There were nearly 650 measurable home runs hit in the month of April by 257 different players. As we know, the two fastest home runs were inside-the-park home runs hit by David DeJesus and Stephen Drew. Oakland’s Adam Rosales had the two fastest non-inside-the-park trot times, even beating out Aubrey Huff’s inside-the-park time. The slowest trot of the month belonged to Toronto’s Alex Gonzalez, when he forgot to touch first base and was forced to go back. Jose Guillen, Bengie Molina, and Miguel Cabrera round out the top five slowest trots of April, consistently finding themselves in the “Slowest Trot of the Day”.
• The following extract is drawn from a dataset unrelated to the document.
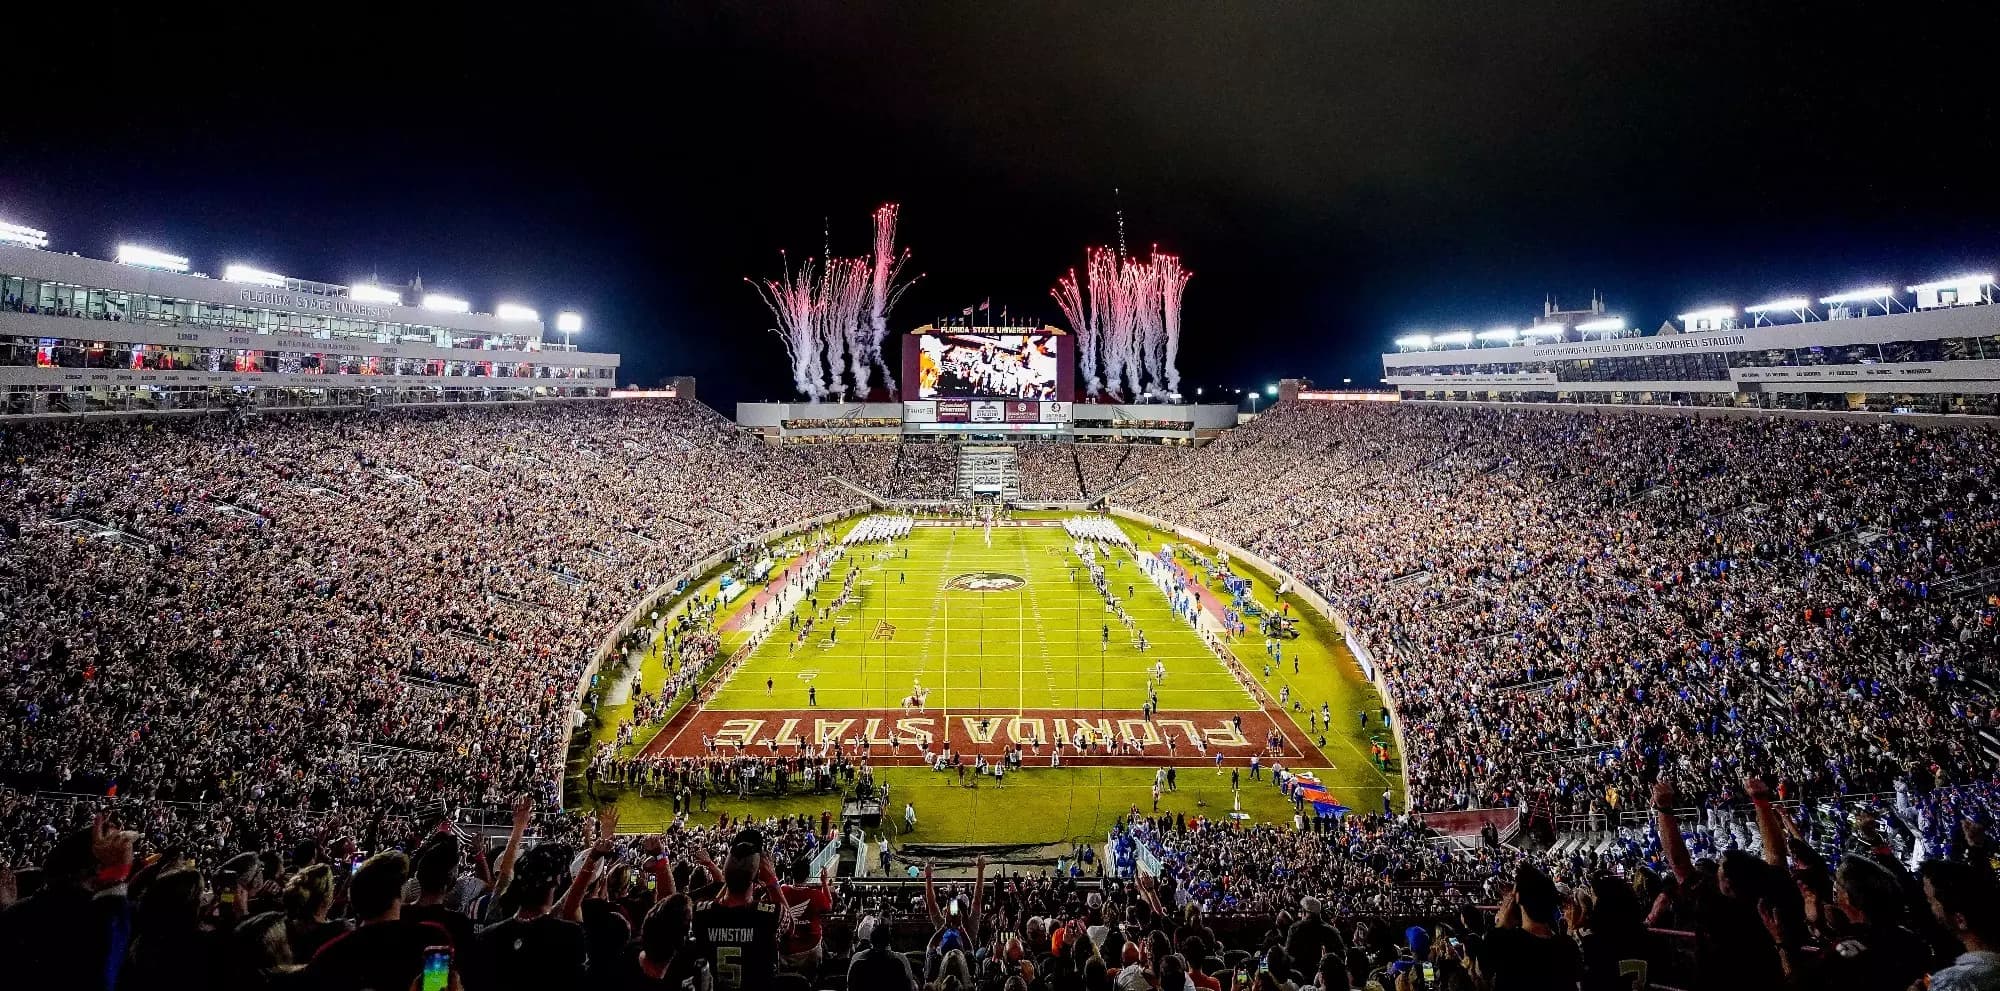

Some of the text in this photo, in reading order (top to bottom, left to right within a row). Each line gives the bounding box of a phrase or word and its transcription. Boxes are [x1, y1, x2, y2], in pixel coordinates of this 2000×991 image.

In the chart below, you can find data about the home runs hit in the month of April, broken into various categories. As you can see, solo shots tend to have quicker trot times, with the more runners on base leading to more trot time. Grand slams are, of course, the slowest, but is that a function of the runners on base or a function of the guys who tend to hit grand slams? I’ve also given data for walkoff and “late inning, go-ahead” home runs (defined as home runs in the seventh inning or later that give the batting team the lead). These categories, in theory, would be prime “showboating” opportunities.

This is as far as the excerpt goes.